**HOW TO COMPLETE THIS TASK**
Copy out all the data, word for word.

=== Section Start ===

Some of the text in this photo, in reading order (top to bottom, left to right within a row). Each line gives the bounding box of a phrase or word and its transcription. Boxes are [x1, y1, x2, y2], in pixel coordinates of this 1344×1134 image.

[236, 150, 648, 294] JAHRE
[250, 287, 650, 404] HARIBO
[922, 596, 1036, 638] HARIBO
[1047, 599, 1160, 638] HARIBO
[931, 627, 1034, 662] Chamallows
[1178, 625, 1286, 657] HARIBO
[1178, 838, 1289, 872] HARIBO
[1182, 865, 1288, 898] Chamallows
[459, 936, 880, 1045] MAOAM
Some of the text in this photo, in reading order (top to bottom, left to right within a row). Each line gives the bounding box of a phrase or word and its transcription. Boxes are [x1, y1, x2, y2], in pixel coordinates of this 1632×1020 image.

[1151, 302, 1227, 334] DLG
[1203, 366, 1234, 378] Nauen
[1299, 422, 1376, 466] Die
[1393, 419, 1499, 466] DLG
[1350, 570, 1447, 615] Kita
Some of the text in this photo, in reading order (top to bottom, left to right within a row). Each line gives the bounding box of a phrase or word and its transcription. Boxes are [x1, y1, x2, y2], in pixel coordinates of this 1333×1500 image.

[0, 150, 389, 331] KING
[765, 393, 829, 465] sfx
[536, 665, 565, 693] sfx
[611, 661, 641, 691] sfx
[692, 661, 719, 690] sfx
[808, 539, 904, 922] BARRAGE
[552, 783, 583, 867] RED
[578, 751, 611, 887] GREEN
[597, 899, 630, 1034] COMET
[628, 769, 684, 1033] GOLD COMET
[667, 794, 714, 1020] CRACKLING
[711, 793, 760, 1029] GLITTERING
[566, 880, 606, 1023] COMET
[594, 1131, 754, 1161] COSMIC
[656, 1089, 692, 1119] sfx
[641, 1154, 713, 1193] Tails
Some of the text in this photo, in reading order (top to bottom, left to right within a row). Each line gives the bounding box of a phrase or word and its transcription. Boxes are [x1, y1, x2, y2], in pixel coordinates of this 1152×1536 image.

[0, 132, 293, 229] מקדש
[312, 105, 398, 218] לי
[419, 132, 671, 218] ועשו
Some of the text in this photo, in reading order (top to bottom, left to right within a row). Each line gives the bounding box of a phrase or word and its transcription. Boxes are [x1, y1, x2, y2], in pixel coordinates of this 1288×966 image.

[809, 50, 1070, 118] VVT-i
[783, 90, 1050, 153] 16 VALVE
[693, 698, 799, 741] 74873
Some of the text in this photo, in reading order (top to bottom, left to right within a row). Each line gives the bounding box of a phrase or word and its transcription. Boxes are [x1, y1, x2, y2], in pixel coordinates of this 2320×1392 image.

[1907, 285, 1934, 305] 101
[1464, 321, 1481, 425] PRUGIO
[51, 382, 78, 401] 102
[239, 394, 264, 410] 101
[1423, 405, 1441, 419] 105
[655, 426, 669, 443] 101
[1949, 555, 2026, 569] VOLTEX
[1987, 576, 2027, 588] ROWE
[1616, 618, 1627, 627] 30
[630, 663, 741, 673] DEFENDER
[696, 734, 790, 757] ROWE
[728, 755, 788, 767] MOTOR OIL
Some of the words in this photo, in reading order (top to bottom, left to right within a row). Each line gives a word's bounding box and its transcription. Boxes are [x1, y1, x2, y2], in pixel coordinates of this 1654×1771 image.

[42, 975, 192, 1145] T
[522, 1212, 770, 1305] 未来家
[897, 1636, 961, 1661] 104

=== Section End ===

**TASK OUTPUT**
Some of the text in this photo, in reading order (top to bottom, left to right within a row). Each line gives the bounding box of a phrase or word and its transcription. Boxes are [x1, y1, x2, y2], in pixel coordinates of this 1344×1134 image.

[236, 150, 648, 294] JAHRE
[250, 287, 650, 404] HARIBO
[922, 596, 1036, 638] HARIBO
[1047, 599, 1160, 638] HARIBO
[931, 627, 1034, 662] Chamallows
[1178, 625, 1286, 657] HARIBO
[1178, 838, 1289, 872] HARIBO
[1182, 865, 1288, 898] Chamallows
[459, 936, 880, 1045] MAOAM
Some of the text in this photo, in reading order (top to bottom, left to right within a row). Each line gives the bounding box of a phrase or word and its transcription. Boxes are [x1, y1, x2, y2], in pixel coordinates of this 1632×1020 image.

[1151, 302, 1227, 334] DLG
[1203, 366, 1234, 378] Nauen
[1299, 422, 1376, 466] Die
[1393, 419, 1499, 466] DLG
[1350, 570, 1447, 615] Kita
Some of the text in this photo, in reading order (top to bottom, left to right within a row). Each line gives the bounding box of a phrase or word and its transcription. Boxes are [x1, y1, x2, y2], in pixel coordinates of this 1333×1500 image.

[0, 150, 389, 331] KING
[765, 393, 829, 465] sfx
[536, 665, 565, 693] sfx
[611, 661, 641, 691] sfx
[692, 661, 719, 690] sfx
[808, 539, 904, 922] BARRAGE
[552, 783, 583, 867] RED
[578, 751, 611, 887] GREEN
[597, 899, 630, 1034] COMET
[628, 769, 684, 1033] GOLD COMET
[667, 794, 714, 1020] CRACKLING
[711, 793, 760, 1029] GLITTERING
[566, 880, 606, 1023] COMET
[594, 1131, 754, 1161] COSMIC
[656, 1089, 692, 1119] sfx
[641, 1154, 713, 1193] Tails
Some of the text in this photo, in reading order (top to bottom, left to right within a row). Each line gives the bounding box of a phrase or word and its transcription. Boxes are [x1, y1, x2, y2], in pixel coordinates of this 1152×1536 image.

[0, 132, 293, 229] מקדש
[312, 105, 398, 218] לי
[419, 132, 671, 218] ועשו
Some of the text in this photo, in reading order (top to bottom, left to right within a row). Each line gives the bounding box of a phrase or word and its transcription. Boxes are [x1, y1, x2, y2], in pixel coordinates of this 1288×966 image.

[809, 50, 1070, 118] VVT-i
[783, 90, 1050, 153] 16 VALVE
[693, 698, 799, 741] 74873
Some of the text in this photo, in reading order (top to bottom, left to right within a row). Each line gives the bounding box of a phrase or word and its transcription. Boxes are [x1, y1, x2, y2], in pixel coordinates of this 2320×1392 image.

[1907, 285, 1934, 305] 101
[1464, 321, 1481, 425] PRUGIO
[51, 382, 78, 401] 102
[239, 394, 264, 410] 101
[1423, 405, 1441, 419] 105
[655, 426, 669, 443] 101
[1949, 555, 2026, 569] VOLTEX
[1987, 576, 2027, 588] ROWE
[1616, 618, 1627, 627] 30
[630, 663, 741, 673] DEFENDER
[696, 734, 790, 757] ROWE
[728, 755, 788, 767] MOTOR OIL
Some of the words in this photo, in reading order (top to bottom, left to right within a row). Each line gives a word's bounding box and its transcription. Boxes are [x1, y1, x2, y2], in pixel coordinates of this 1654×1771 image.

[42, 975, 192, 1145] T
[522, 1212, 770, 1305] 未来家
[897, 1636, 961, 1661] 104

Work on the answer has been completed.